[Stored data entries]
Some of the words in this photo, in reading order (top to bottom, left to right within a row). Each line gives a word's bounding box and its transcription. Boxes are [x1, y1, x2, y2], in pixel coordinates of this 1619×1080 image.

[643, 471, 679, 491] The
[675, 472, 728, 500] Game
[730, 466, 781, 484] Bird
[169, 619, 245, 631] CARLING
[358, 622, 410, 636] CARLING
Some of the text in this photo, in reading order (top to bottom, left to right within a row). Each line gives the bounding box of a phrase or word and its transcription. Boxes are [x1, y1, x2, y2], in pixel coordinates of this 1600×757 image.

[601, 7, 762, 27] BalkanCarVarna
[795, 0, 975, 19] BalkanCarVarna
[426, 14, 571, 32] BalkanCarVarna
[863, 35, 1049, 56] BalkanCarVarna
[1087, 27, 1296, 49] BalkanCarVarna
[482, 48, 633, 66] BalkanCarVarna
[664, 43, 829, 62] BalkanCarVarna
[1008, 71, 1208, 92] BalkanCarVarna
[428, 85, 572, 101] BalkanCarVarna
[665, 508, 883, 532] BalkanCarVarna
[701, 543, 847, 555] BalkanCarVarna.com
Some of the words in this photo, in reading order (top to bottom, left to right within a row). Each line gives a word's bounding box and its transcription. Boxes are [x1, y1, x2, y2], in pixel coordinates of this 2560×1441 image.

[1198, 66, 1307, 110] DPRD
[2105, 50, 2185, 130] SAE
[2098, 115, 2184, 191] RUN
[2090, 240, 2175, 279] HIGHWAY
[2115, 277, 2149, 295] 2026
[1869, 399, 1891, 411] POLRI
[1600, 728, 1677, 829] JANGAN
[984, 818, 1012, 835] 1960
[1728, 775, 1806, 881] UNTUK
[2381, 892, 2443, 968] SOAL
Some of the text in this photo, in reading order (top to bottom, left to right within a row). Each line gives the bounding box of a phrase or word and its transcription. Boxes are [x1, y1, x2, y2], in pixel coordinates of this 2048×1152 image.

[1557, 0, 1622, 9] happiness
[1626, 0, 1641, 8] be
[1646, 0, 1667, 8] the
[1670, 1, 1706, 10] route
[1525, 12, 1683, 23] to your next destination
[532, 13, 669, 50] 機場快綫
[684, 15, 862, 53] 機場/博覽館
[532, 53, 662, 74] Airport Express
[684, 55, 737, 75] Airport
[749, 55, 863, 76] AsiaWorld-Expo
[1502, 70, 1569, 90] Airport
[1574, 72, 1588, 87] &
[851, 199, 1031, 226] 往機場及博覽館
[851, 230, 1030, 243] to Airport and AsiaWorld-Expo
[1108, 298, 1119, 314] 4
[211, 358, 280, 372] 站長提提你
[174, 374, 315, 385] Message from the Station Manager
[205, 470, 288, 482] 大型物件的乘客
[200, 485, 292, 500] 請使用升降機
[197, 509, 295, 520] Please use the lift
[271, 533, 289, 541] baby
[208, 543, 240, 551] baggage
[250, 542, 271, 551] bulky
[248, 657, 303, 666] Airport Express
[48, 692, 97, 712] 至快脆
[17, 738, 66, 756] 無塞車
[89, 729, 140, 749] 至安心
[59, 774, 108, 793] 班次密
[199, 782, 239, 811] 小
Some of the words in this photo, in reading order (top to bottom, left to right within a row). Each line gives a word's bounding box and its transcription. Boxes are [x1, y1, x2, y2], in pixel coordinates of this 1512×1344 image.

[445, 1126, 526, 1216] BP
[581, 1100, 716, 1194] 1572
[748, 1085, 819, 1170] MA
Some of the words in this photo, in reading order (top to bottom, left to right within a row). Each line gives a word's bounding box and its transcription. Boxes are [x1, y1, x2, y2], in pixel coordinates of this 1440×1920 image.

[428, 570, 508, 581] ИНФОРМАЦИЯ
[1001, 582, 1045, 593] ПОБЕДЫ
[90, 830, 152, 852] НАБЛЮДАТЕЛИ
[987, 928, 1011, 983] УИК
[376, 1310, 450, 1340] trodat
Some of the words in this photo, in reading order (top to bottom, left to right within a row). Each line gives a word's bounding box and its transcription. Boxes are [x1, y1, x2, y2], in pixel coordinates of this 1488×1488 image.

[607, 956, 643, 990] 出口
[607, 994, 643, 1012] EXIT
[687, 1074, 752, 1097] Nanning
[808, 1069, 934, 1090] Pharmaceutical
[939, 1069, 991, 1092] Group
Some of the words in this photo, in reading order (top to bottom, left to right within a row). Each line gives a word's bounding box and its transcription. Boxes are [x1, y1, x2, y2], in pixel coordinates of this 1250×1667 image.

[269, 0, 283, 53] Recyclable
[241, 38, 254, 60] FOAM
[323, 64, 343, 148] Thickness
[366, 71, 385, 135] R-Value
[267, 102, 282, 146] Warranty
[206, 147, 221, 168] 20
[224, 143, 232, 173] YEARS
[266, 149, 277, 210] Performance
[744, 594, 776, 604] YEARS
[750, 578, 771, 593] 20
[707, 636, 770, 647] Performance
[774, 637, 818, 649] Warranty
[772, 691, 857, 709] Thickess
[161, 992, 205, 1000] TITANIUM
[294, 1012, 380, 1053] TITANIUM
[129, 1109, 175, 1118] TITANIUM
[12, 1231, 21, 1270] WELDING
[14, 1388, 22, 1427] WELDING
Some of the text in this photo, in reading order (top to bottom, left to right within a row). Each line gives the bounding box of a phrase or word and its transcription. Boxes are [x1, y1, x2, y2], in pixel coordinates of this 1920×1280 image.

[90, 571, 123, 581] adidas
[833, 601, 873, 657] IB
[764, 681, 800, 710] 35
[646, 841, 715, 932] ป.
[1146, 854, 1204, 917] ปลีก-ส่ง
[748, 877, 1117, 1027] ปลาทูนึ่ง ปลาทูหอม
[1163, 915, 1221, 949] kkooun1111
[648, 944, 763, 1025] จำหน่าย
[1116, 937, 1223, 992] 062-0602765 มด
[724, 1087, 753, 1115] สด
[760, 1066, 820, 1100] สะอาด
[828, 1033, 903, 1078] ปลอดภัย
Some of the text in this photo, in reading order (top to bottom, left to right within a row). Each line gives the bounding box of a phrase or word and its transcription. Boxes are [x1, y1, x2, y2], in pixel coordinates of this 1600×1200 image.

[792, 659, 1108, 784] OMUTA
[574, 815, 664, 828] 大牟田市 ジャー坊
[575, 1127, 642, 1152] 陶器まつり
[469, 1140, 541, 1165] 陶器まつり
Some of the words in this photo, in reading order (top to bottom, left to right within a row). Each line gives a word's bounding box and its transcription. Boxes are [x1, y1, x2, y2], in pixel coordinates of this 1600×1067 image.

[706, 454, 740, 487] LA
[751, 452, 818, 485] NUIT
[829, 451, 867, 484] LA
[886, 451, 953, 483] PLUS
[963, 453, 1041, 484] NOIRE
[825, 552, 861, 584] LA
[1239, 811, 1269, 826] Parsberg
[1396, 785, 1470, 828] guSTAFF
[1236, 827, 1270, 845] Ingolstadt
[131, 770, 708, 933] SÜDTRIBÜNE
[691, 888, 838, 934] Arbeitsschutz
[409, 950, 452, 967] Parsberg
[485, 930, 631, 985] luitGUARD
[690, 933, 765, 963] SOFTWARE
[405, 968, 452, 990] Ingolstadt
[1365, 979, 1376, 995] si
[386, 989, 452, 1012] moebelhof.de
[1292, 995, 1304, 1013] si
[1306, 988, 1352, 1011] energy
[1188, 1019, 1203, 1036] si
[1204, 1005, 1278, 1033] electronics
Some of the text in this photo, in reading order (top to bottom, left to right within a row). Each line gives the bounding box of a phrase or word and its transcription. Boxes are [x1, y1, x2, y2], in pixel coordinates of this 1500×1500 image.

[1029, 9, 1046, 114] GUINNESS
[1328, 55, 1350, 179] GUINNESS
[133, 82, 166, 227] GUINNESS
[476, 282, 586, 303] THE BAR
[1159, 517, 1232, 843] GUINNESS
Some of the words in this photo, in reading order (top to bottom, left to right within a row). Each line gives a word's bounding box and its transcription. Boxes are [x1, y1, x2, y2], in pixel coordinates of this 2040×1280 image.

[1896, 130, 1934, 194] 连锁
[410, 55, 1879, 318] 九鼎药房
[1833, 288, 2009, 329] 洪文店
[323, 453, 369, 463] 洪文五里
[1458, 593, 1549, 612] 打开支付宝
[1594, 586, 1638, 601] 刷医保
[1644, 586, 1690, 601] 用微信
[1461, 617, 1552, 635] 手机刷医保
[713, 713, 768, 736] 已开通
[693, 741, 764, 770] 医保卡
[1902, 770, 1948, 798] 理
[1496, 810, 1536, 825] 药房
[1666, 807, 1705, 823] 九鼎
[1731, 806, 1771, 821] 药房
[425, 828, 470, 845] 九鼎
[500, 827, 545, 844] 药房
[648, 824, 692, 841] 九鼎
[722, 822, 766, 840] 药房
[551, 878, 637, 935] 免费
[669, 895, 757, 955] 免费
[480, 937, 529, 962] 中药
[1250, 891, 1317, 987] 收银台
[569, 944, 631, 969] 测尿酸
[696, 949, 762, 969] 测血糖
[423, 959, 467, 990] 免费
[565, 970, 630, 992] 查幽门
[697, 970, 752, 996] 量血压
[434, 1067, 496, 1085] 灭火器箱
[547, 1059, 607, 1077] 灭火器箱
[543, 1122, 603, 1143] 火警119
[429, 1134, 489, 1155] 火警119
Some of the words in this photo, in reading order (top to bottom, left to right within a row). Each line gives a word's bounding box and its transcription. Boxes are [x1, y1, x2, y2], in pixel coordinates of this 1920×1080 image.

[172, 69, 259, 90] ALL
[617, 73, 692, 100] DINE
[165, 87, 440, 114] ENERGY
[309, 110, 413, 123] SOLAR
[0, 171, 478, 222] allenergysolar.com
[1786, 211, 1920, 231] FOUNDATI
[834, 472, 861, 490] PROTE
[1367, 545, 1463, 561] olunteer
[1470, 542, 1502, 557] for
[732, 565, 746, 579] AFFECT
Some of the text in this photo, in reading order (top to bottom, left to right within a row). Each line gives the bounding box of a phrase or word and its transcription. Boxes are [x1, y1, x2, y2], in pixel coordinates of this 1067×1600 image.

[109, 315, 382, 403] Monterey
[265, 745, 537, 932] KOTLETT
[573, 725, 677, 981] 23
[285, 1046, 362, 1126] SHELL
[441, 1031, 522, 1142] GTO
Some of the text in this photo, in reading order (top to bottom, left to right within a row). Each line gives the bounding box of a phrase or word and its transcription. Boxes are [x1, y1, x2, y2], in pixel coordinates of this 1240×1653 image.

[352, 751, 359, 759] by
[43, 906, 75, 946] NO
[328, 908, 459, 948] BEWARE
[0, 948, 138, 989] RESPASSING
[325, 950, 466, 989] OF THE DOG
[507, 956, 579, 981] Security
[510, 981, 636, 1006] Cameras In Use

• [EXERCISE]:
Please give a word-for-word repetition of the lines from the one containing "this 1920×1080 image." through the last line of the data above, including both, and nothing besides.

• [WRITTEN RESPONSE]:
Some of the words in this photo, in reading order (top to bottom, left to right within a row). Each line gives a word's bounding box and its transcription. Boxes are [x1, y1, x2, y2], in pixel coordinates of this 1920×1080 image.

[172, 69, 259, 90] ALL
[617, 73, 692, 100] DINE
[165, 87, 440, 114] ENERGY
[309, 110, 413, 123] SOLAR
[0, 171, 478, 222] allenergysolar.com
[1786, 211, 1920, 231] FOUNDATI
[834, 472, 861, 490] PROTE
[1367, 545, 1463, 561] olunteer
[1470, 542, 1502, 557] for
[732, 565, 746, 579] AFFECT
Some of the text in this photo, in reading order (top to bottom, left to right within a row). Each line gives the bounding box of a phrase or word and its transcription. Boxes are [x1, y1, x2, y2], in pixel coordinates of this 1067×1600 image.

[109, 315, 382, 403] Monterey
[265, 745, 537, 932] KOTLETT
[573, 725, 677, 981] 23
[285, 1046, 362, 1126] SHELL
[441, 1031, 522, 1142] GTO
Some of the text in this photo, in reading order (top to bottom, left to right within a row). Each line gives the bounding box of a phrase or word and its transcription. Boxes are [x1, y1, x2, y2], in pixel coordinates of this 1240×1653 image.

[352, 751, 359, 759] by
[43, 906, 75, 946] NO
[328, 908, 459, 948] BEWARE
[0, 948, 138, 989] RESPASSING
[325, 950, 466, 989] OF THE DOG
[507, 956, 579, 981] Security
[510, 981, 636, 1006] Cameras In Use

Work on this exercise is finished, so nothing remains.